Today should have been my last day of walking the Kumano Kudo, but I developed a blister under the previous day’s blister under the previous day’s blister – yes, a three-layer blister. Just putting my boots on was excruciating, and today’s walk would have taken me at least ten hours with its nine miles, 4,134 foot elevation gain, and 3,051 foot elevation loss. Notes to self: hiking boots can cause blisters no matter how broken in they are; always carry moleskin; don’t take the walking sticks out of the suitcase at the last moment.

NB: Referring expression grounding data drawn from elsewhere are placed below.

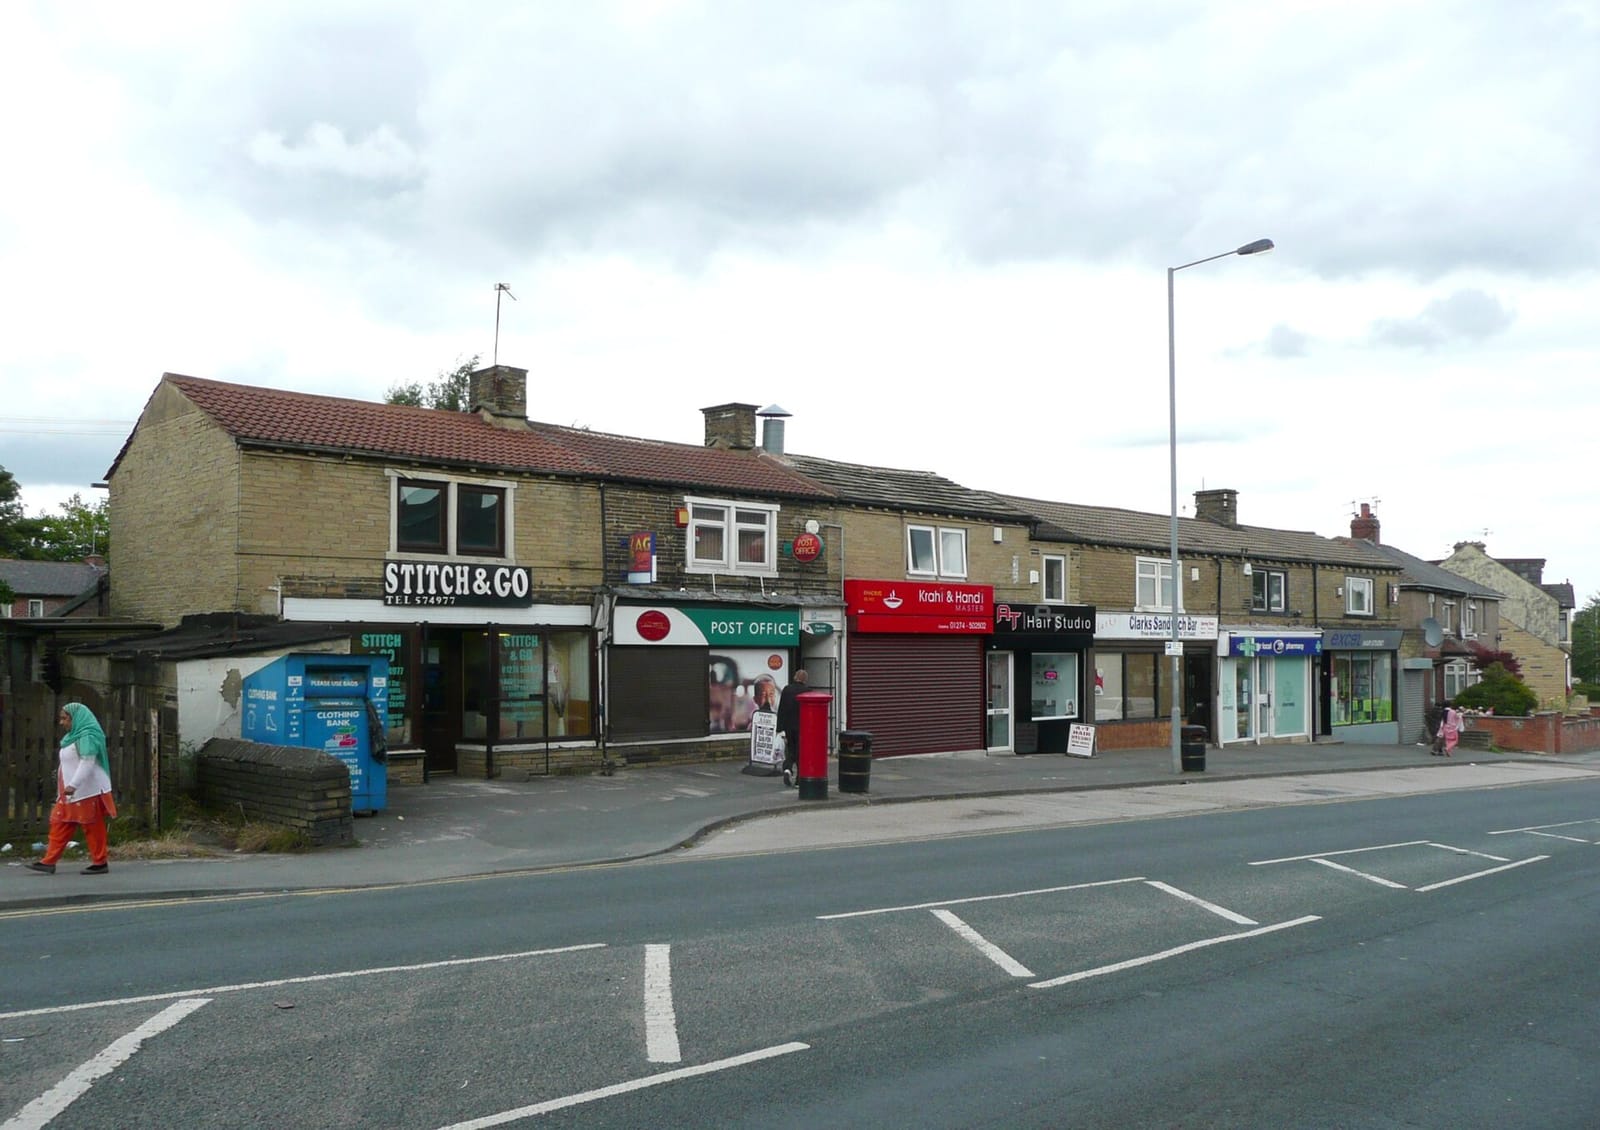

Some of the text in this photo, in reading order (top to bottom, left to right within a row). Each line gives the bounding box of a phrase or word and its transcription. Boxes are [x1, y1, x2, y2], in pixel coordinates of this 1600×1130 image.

[797, 538, 814, 547] POST
[795, 546, 816, 555] OFFICE
[385, 595, 456, 605] TEL 574977
[946, 591, 953, 603] &
[955, 591, 984, 604] Handi
[955, 604, 984, 612] MASTER
[1027, 616, 1051, 629] Hair
[1055, 615, 1091, 629] Studio
[1129, 616, 1152, 630] Clarks
[1153, 616, 1186, 630] Sandch
[1188, 617, 1197, 631] Bar
[711, 621, 795, 636] POST OFFICE
[361, 633, 402, 648] STITCH
[503, 634, 539, 648] STITCH
[519, 649, 534, 661] GO
[316, 711, 360, 719] CLOTHING
[326, 719, 351, 727] BANK

Anyway, instead of walking and visiting the most important shine at the end of the walk – so much for my spiritual cleansing, I guess – I took a bus and a train to Kii-Katsuura, which serves as an endpoint for pilgrims. This little town was extra quiet, the previous night’s guests having left and the new ones not yet arrived.
Tonight’s accommodation – a lovely hotel, the Kumano Bettei Nakanoshima – requires a short ferry ride to its private island, and since it was too early to check in, I walked to the island’s summit where a hot, sulphuric foot bath awaited me, all to myself. I felt no guilt in using it despite not officially finishing the pilgrimage.

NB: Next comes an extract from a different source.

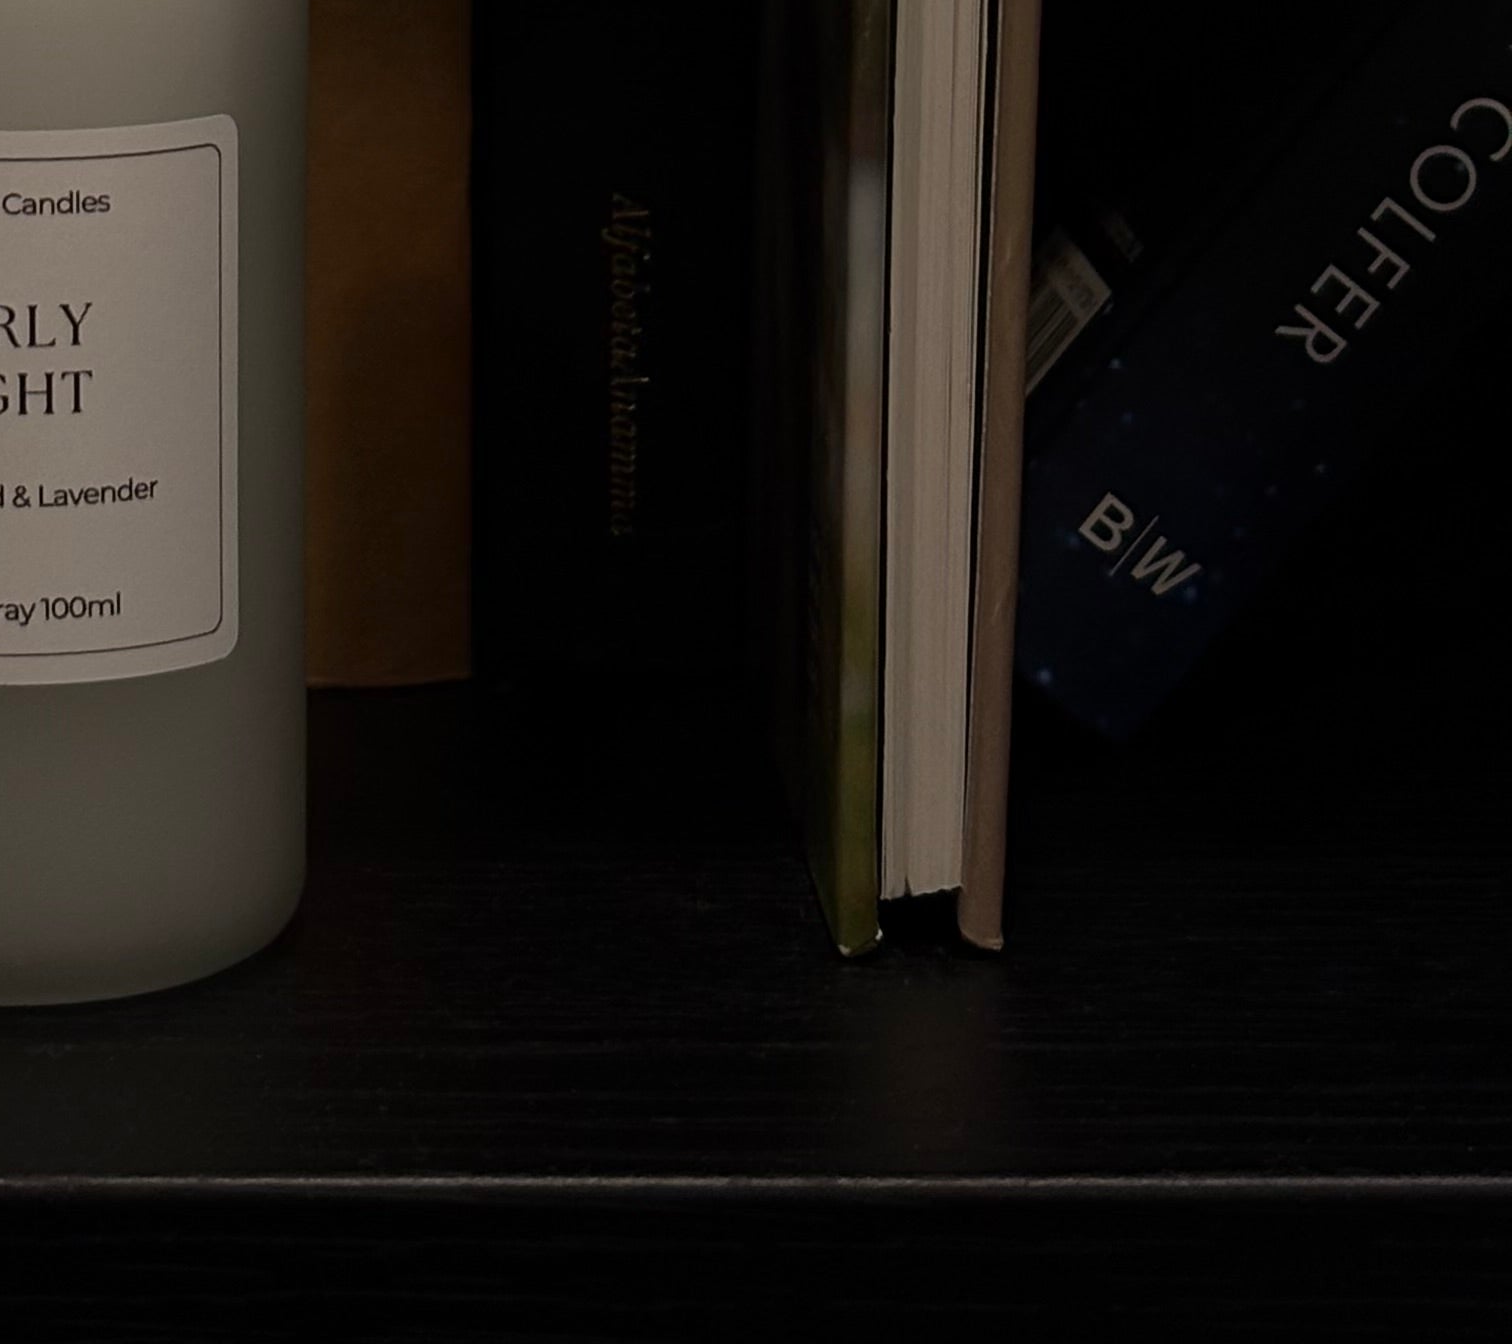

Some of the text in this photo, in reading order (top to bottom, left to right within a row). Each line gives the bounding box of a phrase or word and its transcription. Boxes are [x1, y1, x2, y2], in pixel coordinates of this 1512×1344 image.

From my room’s lanai I can see a series of pens in the water, which I assumed at first had to do with aquaculture, but no, I think they must be training pens for aquatic mammals. Although this practice does not sit well with me, I have to admit I have a shiny happy moment each time one of them bursts up out of the water for a fish treat. I watch for hours, waiting for my own dinner.
There are several outside sulphuric onsen here, and again, I had one to myself. Sometimes onsen water is too hot and sometimes too cool for me, but this was perfect. I sat there, in the perfect water, and watched the dolphins (?) jump and the hawks soar, and it was very satisfying, finisher or not.
Among other photos, I’ve included the local wanted poster and questionable tsunami instructions from the train. And how’s this for inclusivity? Beer cans in Japan have Braille.
But gosh, I wish I had some open-back shoes right now.
Live all you can. It’s a mistake not to. And try plum wine!